Embedding tikanga Māori within the recruitment, data collection and interview structure facilitated researcher-participant relationships based on respect, reciprocity, and trust. This approach served to expand participant contributions, enabling participants to draw on their knowledge and understandings as both Māori and clinicians. The professional knowledge of physiotherapists and occupational therapists, and the practice of rehabilitation stem from Western healthcare principles and scientific foundations (Duncan, 2006). Through the interview process participants were able to explore the potential tensions between Te Ao Māori and Western worldviews in the context of stroke rehabilitation. Participants described observing the way the healthcare system amplified inequities and inequalities, including the access to healthcare technologies such as rehabilitation robotics. Some described the daily challenge of seeing Māori with stroke struggling to navigate through a healthcare system which doesn’t adequately support them, whilst simultaneously working as part of that system. Had the researchers not committed to creating a safe space where the participant felt known, heard, and respected, nor asked the type of questions which provided opportunities for this type of inquiry, these perspectives may not have been shared. A deeper level of inquiry was thus able to be achieved, more aligned with and reflective of the experiences and perspectives of Māori clinicians engaging in stroke rehabilitation providing key insights to inform the design of rehabilitation robotics which address these issues.
Conclusion
In our pursuit of a culturally responsive approach to health technology design research, we have highlighted both the enriched understandings that may be gained and the inherent challenges for those involved. Prioritizing indigenous Māori worldviews, knowledge, and practices necessitated profound modifications to our study design and methods. While adapting the protocol was a lengthy and demanding undertaking, the resultant data quality and combined learnings were invaluable.

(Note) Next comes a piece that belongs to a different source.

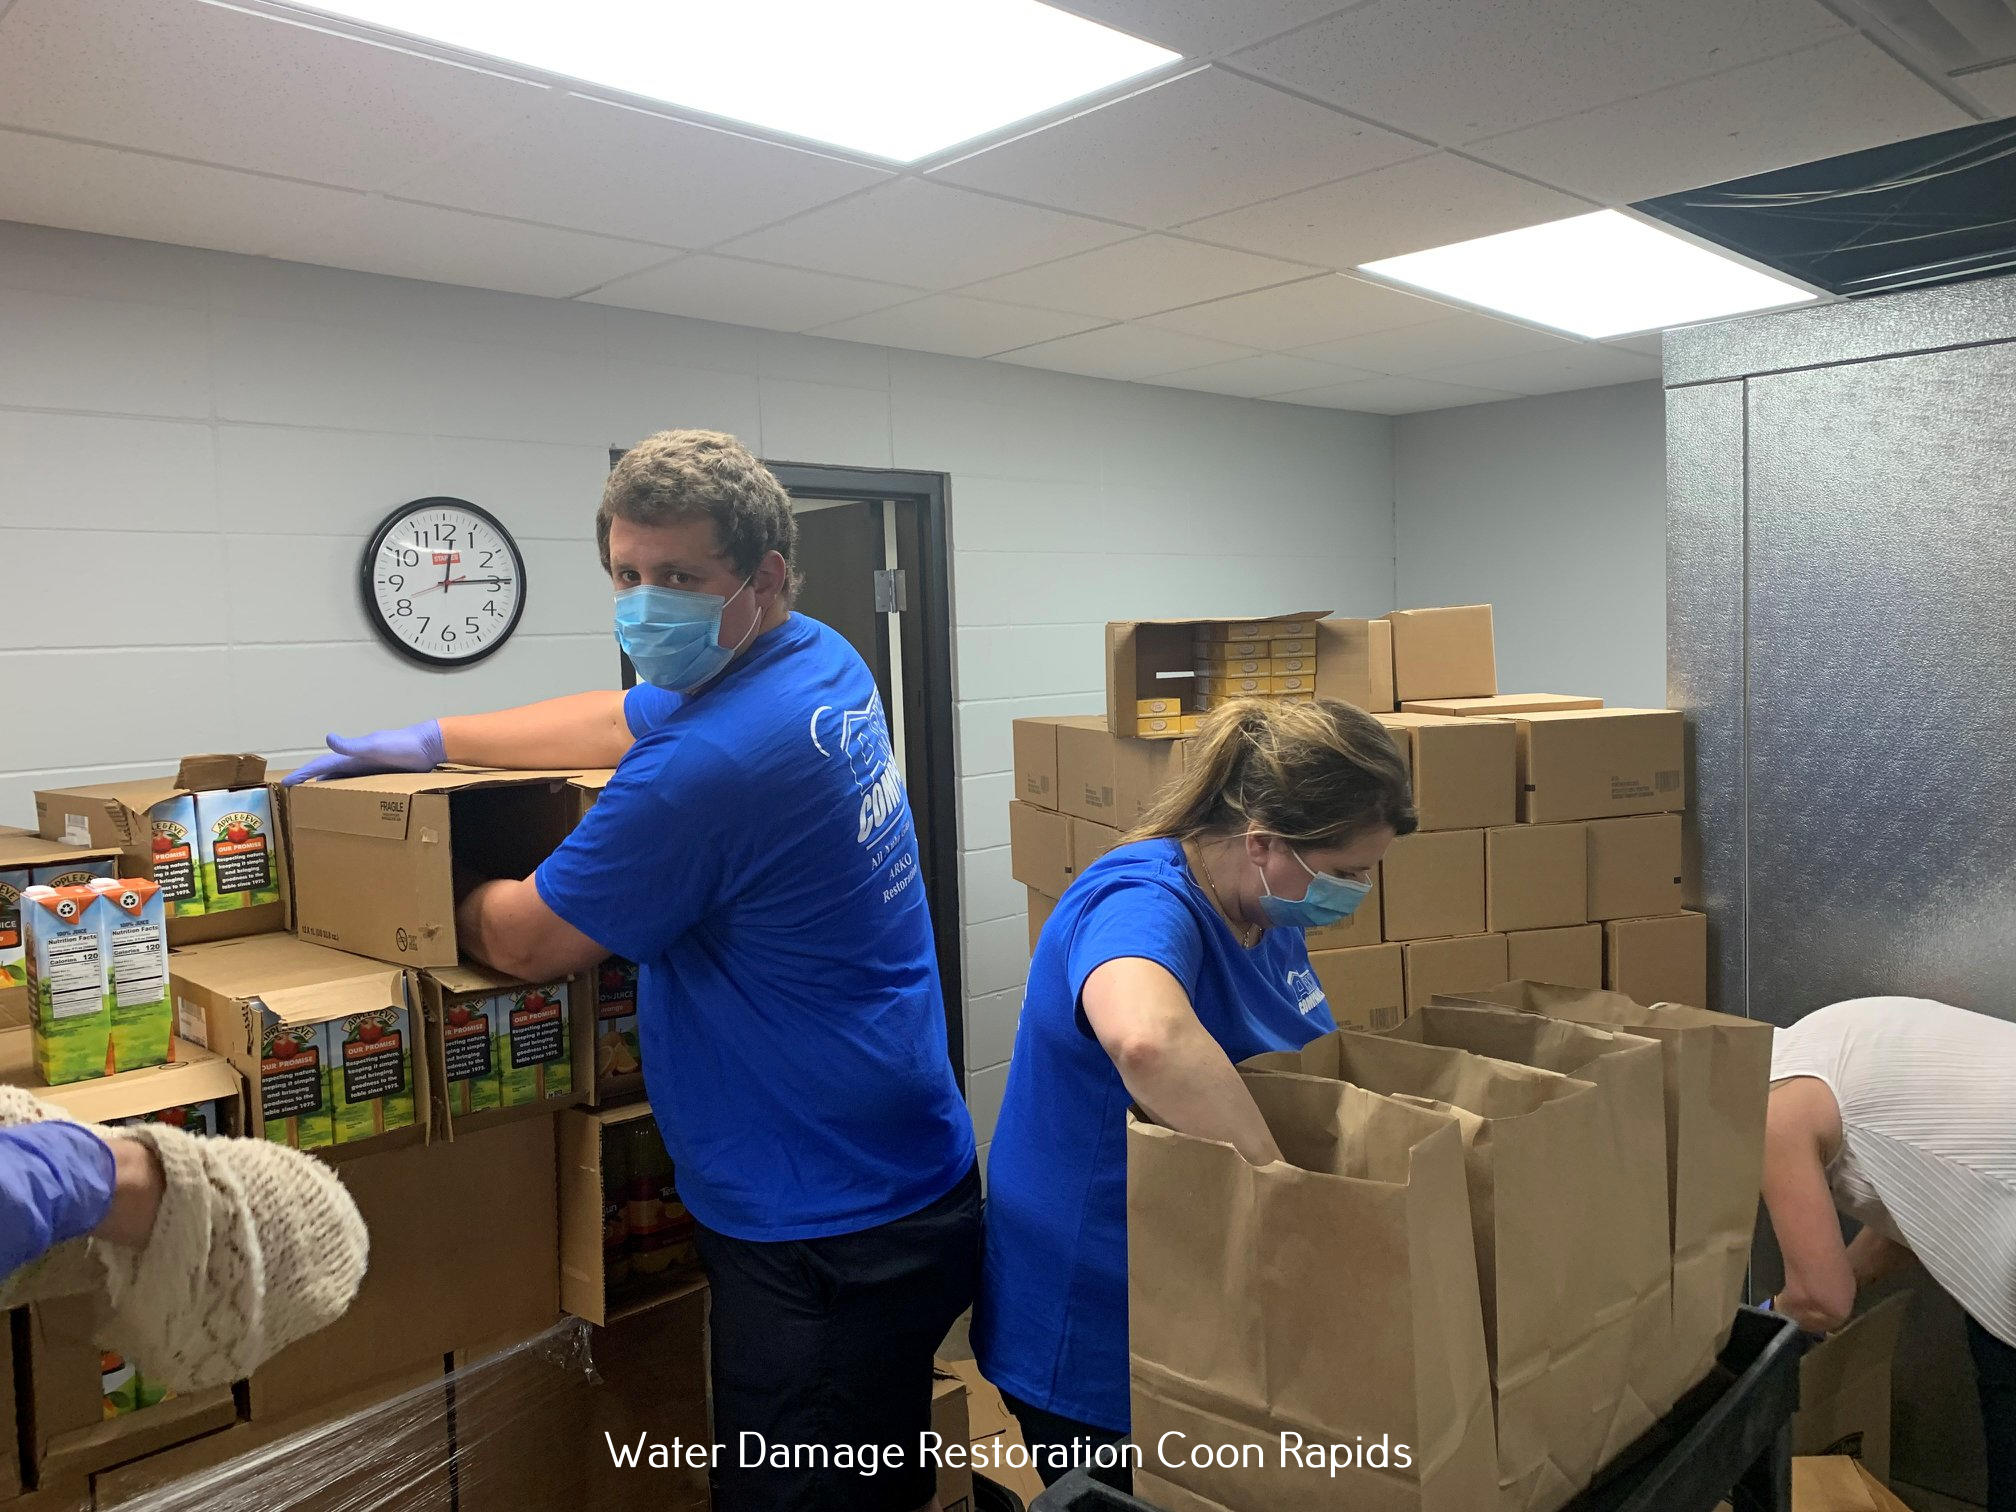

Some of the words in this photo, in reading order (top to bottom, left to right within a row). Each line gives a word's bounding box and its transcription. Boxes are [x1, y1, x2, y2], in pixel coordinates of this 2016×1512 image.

By grounding our research approach in indigenous knowledge and practices, we strengthened our connection with participants, fostering an environment of trust and enabling more insightful, and rich interviews. However, the act of traversing two distinct worldviews required conscientious navigation by both researchers and participants alike. This insight underscores the dual burdens shouldered by indigenous researchers, emphasising the imperative for non-indigenous researchers to invest in developing knowledge in indigenous paradigms, culturally responsive research practices and consider their own positionality and biases. As health researchers, we have an obligation and a responsibility to ensure we are responding to the call for the inclusion of indigenous people in health technologies research. Culturally responsive research approaches to health technology design have the potential to yield considerable benefits, including reducing health disparities, enhancing healthcare access, and promoting equity within the healthcare system.
Glossary
Footnotes
Declaration of Conflicting Interests
The author(s) declared no potential conflicts of interest with respect to the research, authorship, and/or publication of this article.
Funding
The author(s) disclosed receipt of the following financial support for the research, authorship, and/or publication of this article: This work was supported by a MedTech CoRE Summer Scholarship 2020/2021.
Ethical Approval
Auckland University of Technology Ethics Committee (AUTEC), Aotearoa New Zealand (18/384, Oct 2018).